====== Source information ======

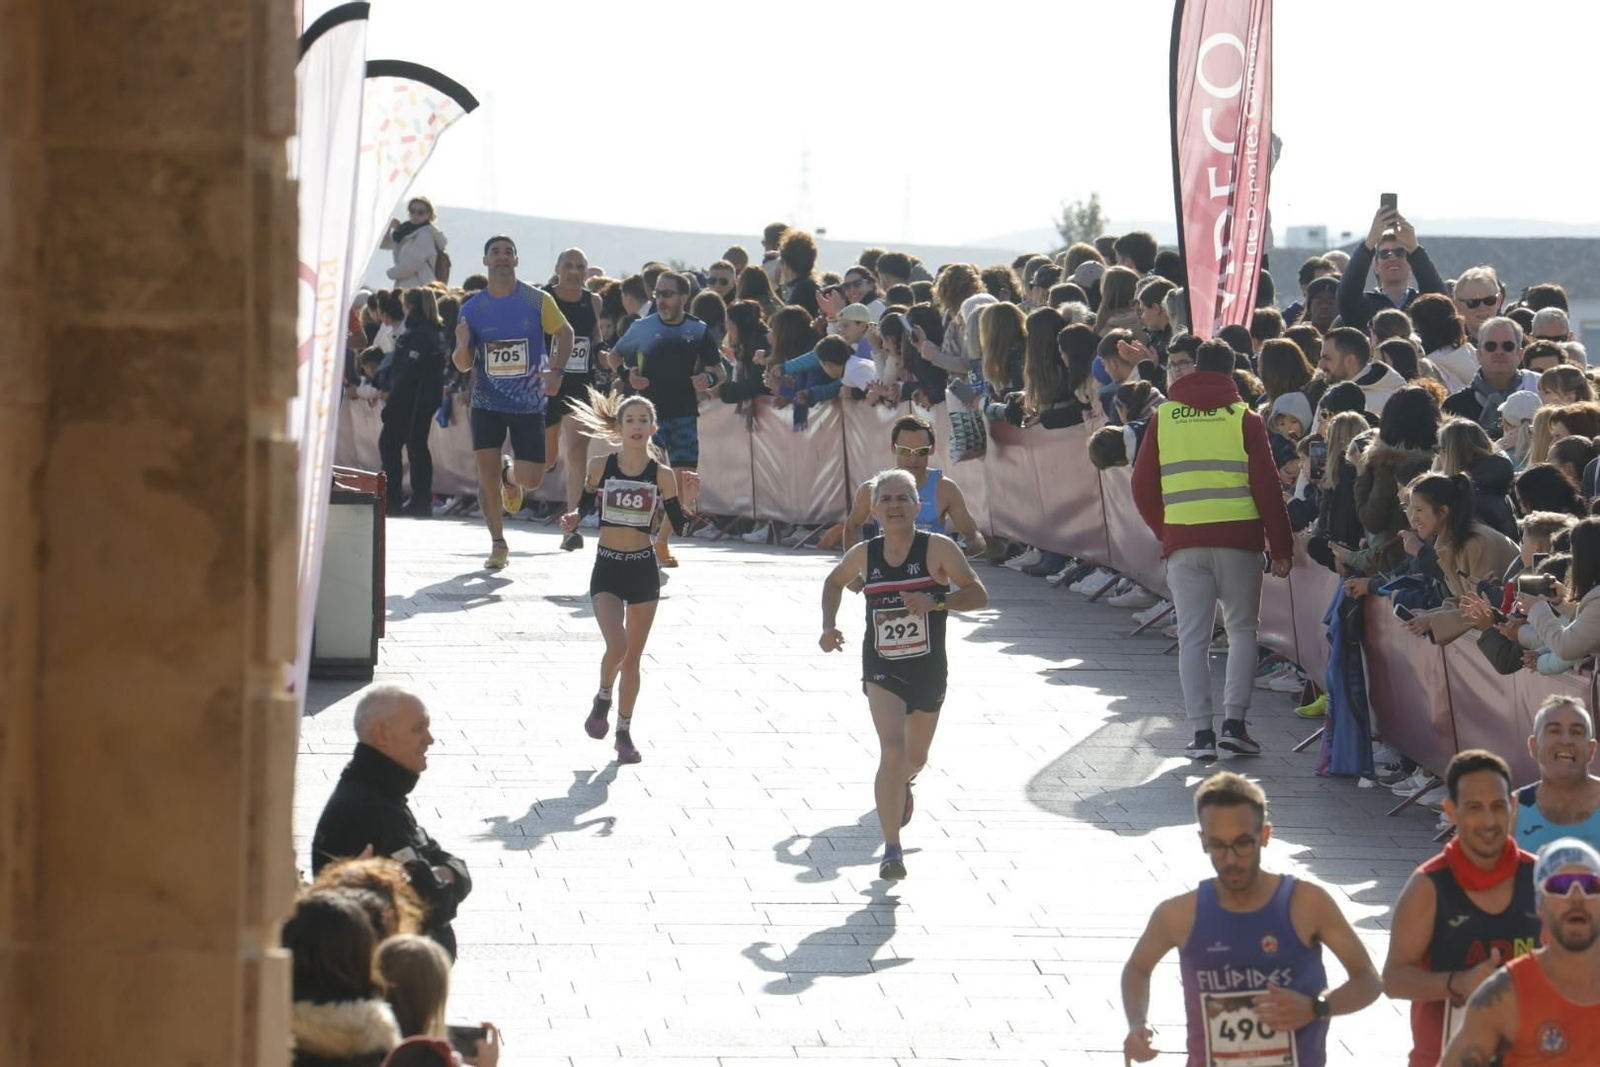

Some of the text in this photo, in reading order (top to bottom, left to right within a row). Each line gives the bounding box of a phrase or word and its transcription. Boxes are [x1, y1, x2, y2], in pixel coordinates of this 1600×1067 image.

[493, 350, 520, 363] 705
[571, 348, 586, 358] 50
[615, 492, 644, 509] 168
[599, 548, 651, 561] NIKE PRO
[884, 622, 919, 640] 292
[1196, 964, 1292, 991] FILÍPIDES

======

From the first line to the last, write out the data exactly, omitting any pictures.

Some of the text in this photo, in reading order (top to bottom, left to right within a row). Each line gives the bounding box of a phrase or word and its transcription. Boxes are [x1, y1, x2, y2], in pixel coordinates of this 1600×1067 image.

[493, 350, 520, 363] 705
[571, 348, 586, 358] 50
[615, 492, 644, 509] 168
[599, 548, 651, 561] NIKE PRO
[884, 622, 919, 640] 292
[1196, 964, 1292, 991] FILÍPIDES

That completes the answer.